* [ABOUT THIS EXERCISE]: Below is a listing to transcribe in full and exactly; keep the pictures out.
-- TASK INPUTS follows --
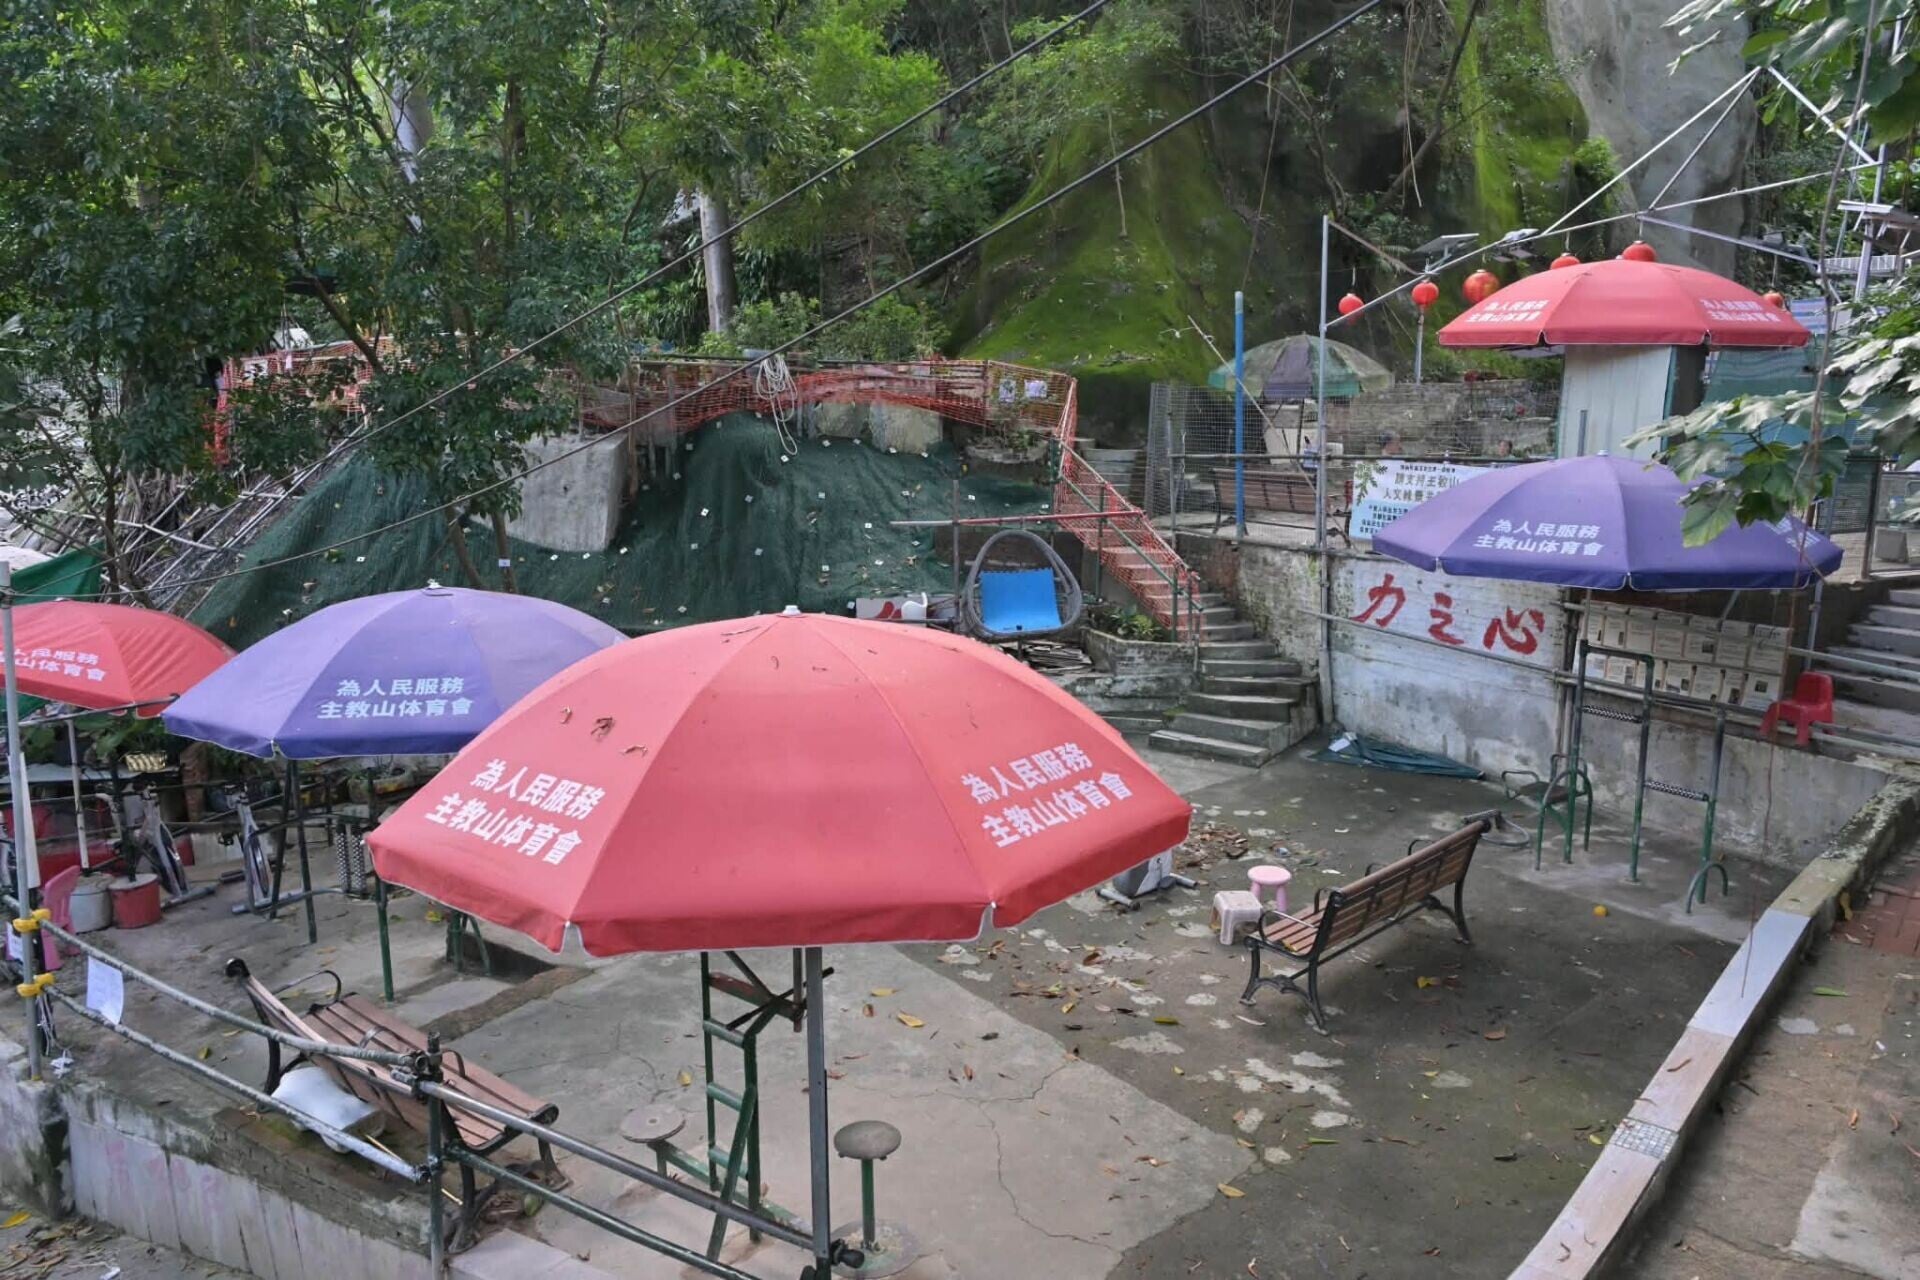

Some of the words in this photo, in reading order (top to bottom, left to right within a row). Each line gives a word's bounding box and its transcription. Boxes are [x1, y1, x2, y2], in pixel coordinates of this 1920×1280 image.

[1473, 534, 1605, 556] 主教山体育會
[1492, 519, 1601, 539] 為人民服務
[1350, 573, 1545, 655] 力之心
[317, 697, 474, 720] 主教山体育會
[337, 677, 465, 697] 為人民服務
[470, 758, 606, 820] 為人民服務
[961, 742, 1093, 805] 為人民服務
[424, 792, 582, 865] 主教山体育會
[981, 771, 1133, 848] 主教山体育會
-- TASK INPUTS concluded --
* [EXERCISE OUTPUT]:
Some of the words in this photo, in reading order (top to bottom, left to right within a row). Each line gives a word's bounding box and its transcription. Boxes are [x1, y1, x2, y2], in pixel coordinates of this 1920×1280 image.

[1473, 534, 1605, 556] 主教山体育會
[1492, 519, 1601, 539] 為人民服務
[1350, 573, 1545, 655] 力之心
[317, 697, 474, 720] 主教山体育會
[337, 677, 465, 697] 為人民服務
[470, 758, 606, 820] 為人民服務
[961, 742, 1093, 805] 為人民服務
[424, 792, 582, 865] 主教山体育會
[981, 771, 1133, 848] 主教山体育會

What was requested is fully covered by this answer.